You know...even if you are RIGHT rysmom, you are your own worst enemy right now.
You're like chicken little and the sky is falling.
You say you are codendendant on him and don't know how to stop so you called him?
That is like saying Im fat, and I am so upset at being fat I ate a donut.
Umm and for the record Mr Bond is right...what are YOU doing to protect your house...he is being nice, he isn't coming out and calling you pathetic.
This could be YOUR wake up call.
The one were YOU take charge of your life instead of meekly living in the shadows of your husband, I am not saying get a divorce...I am saying get a backbone and take charge and some responsibility for your future.
Experience is a brutal teacher, but you learn. My God, do you learn. - C.S. Lewis
Life is usually all about how you handle Plan B. - Jack3Beans
Listen without defending; Speak without offending - FaithinAK
No im not driving by his house. You don't know my h, how he spends money. He buys everyone expensive gifts so that they like him. even if he hardly knows them. Attorney said i should file because h could be dissipating assets and i could lose financially. You would not believe all of the stuff he was looking at on internet to buy for her and her kids. He is addicted to spending. another reason he left was because i don't buy things to make me happy, I try to find happiness in myself, he didn't like that i didn't shop.
No its not the ads. if you have a gmail acct. at the top it says web history. If you go to that, it shows all of the web sites that were visited for that day on his email acct.
Checking his web history is just as bad. All you're doing is making yourself worry about something that may or may not be true.
Another thing is, if you know he has a history of crazy spending, then buckle down your savings if you can and get a job. Any job.
Stop coming up with excuses as to how bad the economy is. If everyone thought like that, then the country couldn't run. Or file for unemployment and government assistance. Just something.
I understand you're going to school, but just say, what would happen if your H was gone. How would you survive? How would you AND your son survive.

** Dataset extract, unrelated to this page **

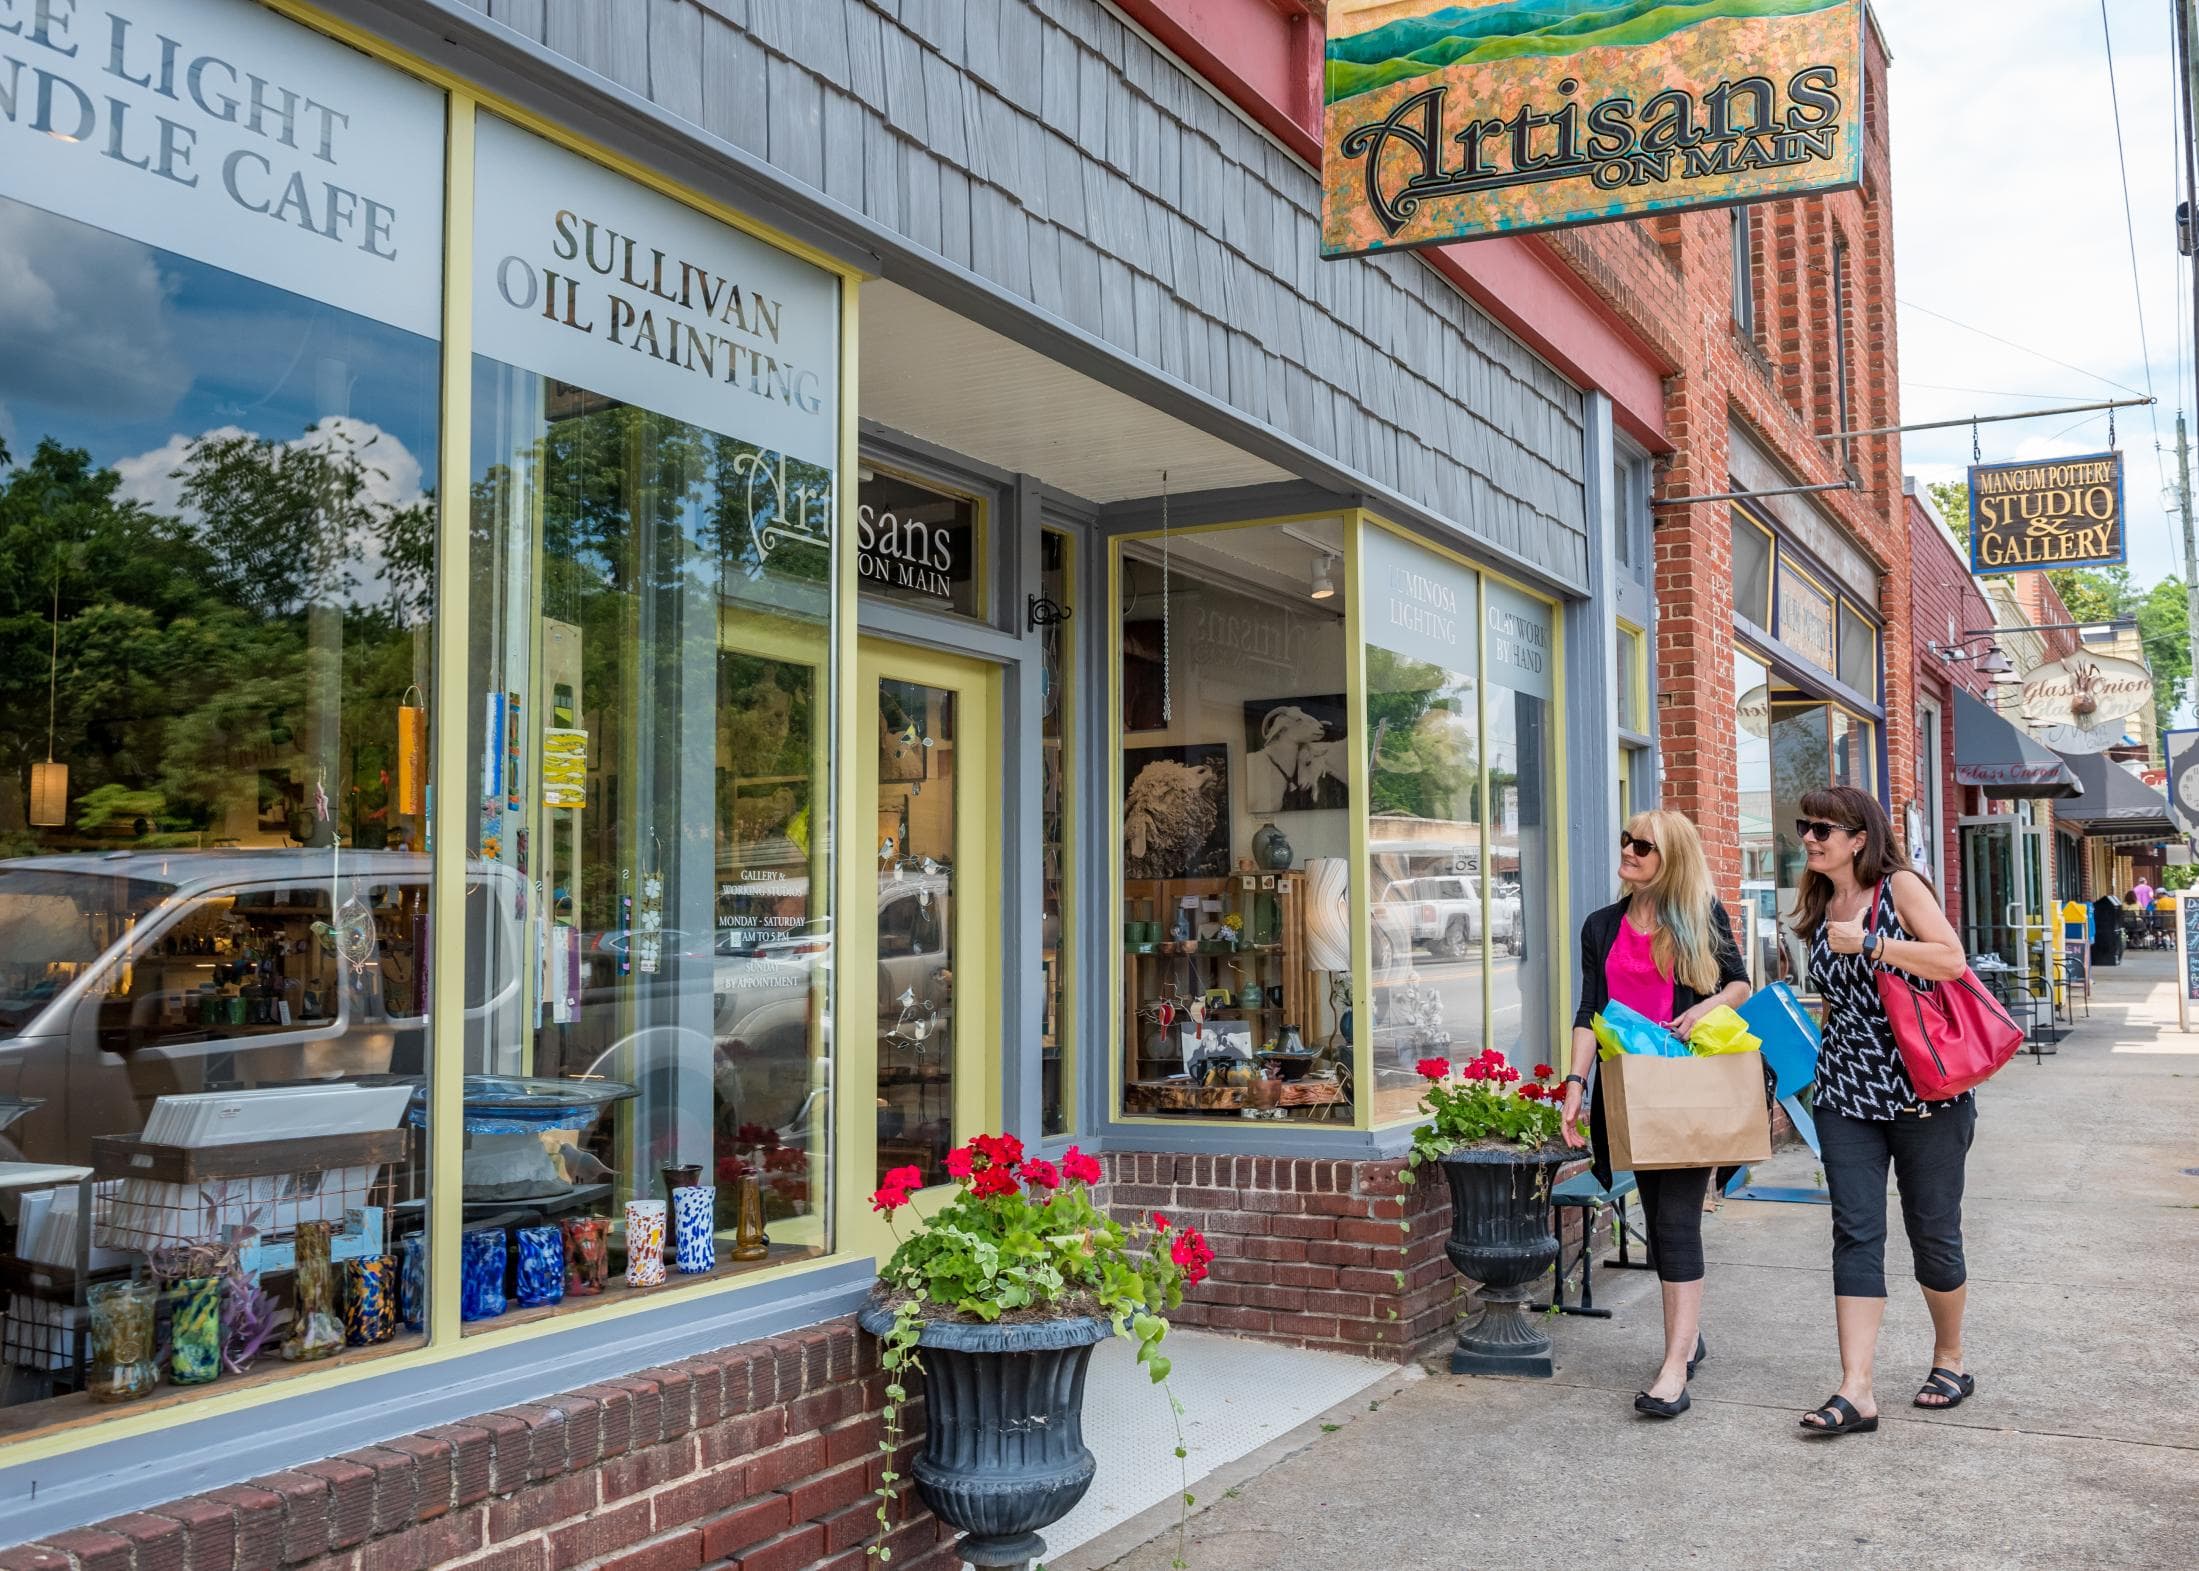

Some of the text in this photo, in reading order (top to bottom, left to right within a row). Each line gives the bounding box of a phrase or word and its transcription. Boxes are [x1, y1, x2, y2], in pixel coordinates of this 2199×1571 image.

You can't count on your H right now. You can't have him. He doesn't want you. That's the truth. As bad as that sounds, it's the truth. I don't need to KNOW him. It's the reality of the situation.
You said you're a runner. Well you're running uphill now. You're going to have to fight for every step. But you have to FIGHT.
Stop feeling so sorry for yourself. I have a friend who is a single parent who just lost one of her children in an accident. She deals with it on her own. She has dealt with it and has made it a point to move on. You can do it to.
First off I would really suggest you get some professional help. You've come up with so many excuses of how you are codependent on your H, how you have no friends, etc. Well now you know what your problems are.
You have two choices...live or die. Is the latter really an option? Is that what you want to show your son? That his mom was a weak woman who complained about how life was "unfair" all the time? Or do you want to show him a woman who is strong and leads by example? Watch the Blindside for an example of a strong woman. You can do it.
There's your 2x4 for the day.
M-43 W-40 2D - 9 and 5
Emotion, yet peace. Ignorance, yet knowledge. Passion, yet serenity. Chaos, yet harmony. Death, yet a new life.